Ainda jovem, sentou praça no 5° regimento de cavalaria ligeira, comandado por seu parente, o general Andrade Neves, tomando parte na Guerra contra Rosas. De volta ao Brasil, deixou a caserna, tendo retornado somente quando iniciada a Guerra do Paraguai, foi nomeado major comandante da guarda de D. Pedro II. Terminado o conflito, assumiu um posto na Secretaria da Fazenda, onde se aposentou.[1]

Foi recebido na Irmandade da Santa Casa de Misericórdia em 1965, eleito membro suplente da Mesa Administrativa em 1866, suplente do mordomo do cemitério em 1867, 1868 e 1869, irmão definidor em 1969, mordomo dos presos em 1870, suplente em 1874 e 1875, provedor em 1884. Durante sua provedoria foram feitos melhoramentos nas escadas de acesso, pintura de todo o prédio, reforma no Salão Nobre, instalação de encanamento de gás e água, reforma e instalação de iluminação nas cozinhas, e foi assumida a administração do Hospital Psiquiátrico São Pedro.
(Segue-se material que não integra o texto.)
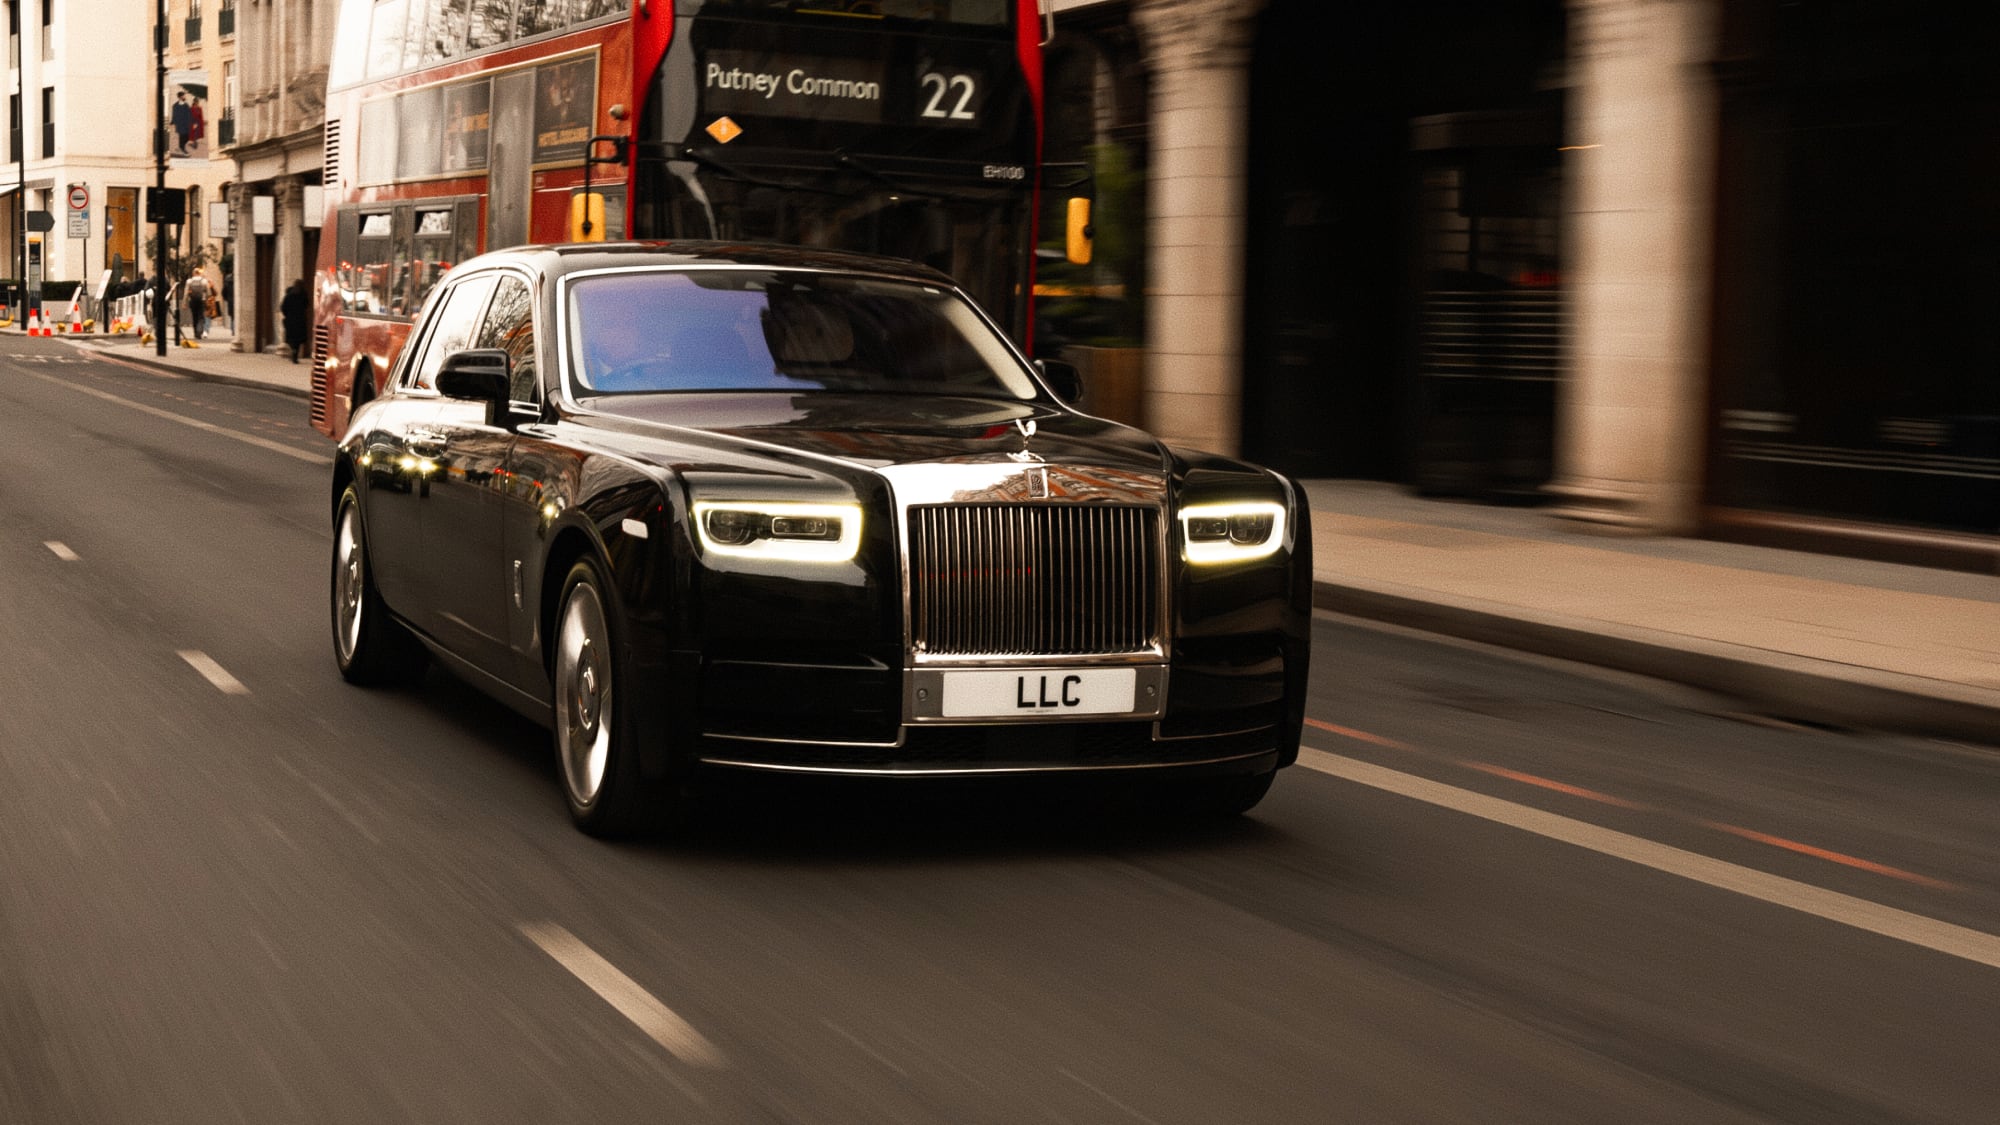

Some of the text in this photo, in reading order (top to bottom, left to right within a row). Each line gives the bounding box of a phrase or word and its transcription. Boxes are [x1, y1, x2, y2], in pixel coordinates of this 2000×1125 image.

[706, 62, 880, 100] Putney Common
[921, 73, 976, 120] 22
[1016, 674, 1082, 709] LLC
Foi reeleito para os anos de 1885 a 1887, mas a administração foi encarregada a um interino. Reeleito para o biênio 1888-1889, aceitou a proposta das irmãs franciscanas terceiras para auxiliarem na administração, foi criada uma maternidade, ampliado o cemitério, a capela foi reformada e ornamentada, e entregou a administração do Hospital Psiquiátrico para o Estado. Por seus relevantes serviços foi homenageado com um retrato no Salão Nobre da Santa Casa.[2]

Colaborou na criação da primeira Faculdade de Medicina do estado, defendendo vigorosamente o projeto junto aos deputados.[3] Defendeu o fim da escravatura, foi membro do Partido Liberal, deputado provincial de 1885 a 1889, presidente do Legislativo, e deputado geral em 1885. Aquiles Porto-Alegre disse que "foi um dos chefes de mais prestigio do Partido Liberal. Era um homem inteligente, insinuante, jeitoso e de trato fidalgo".[1]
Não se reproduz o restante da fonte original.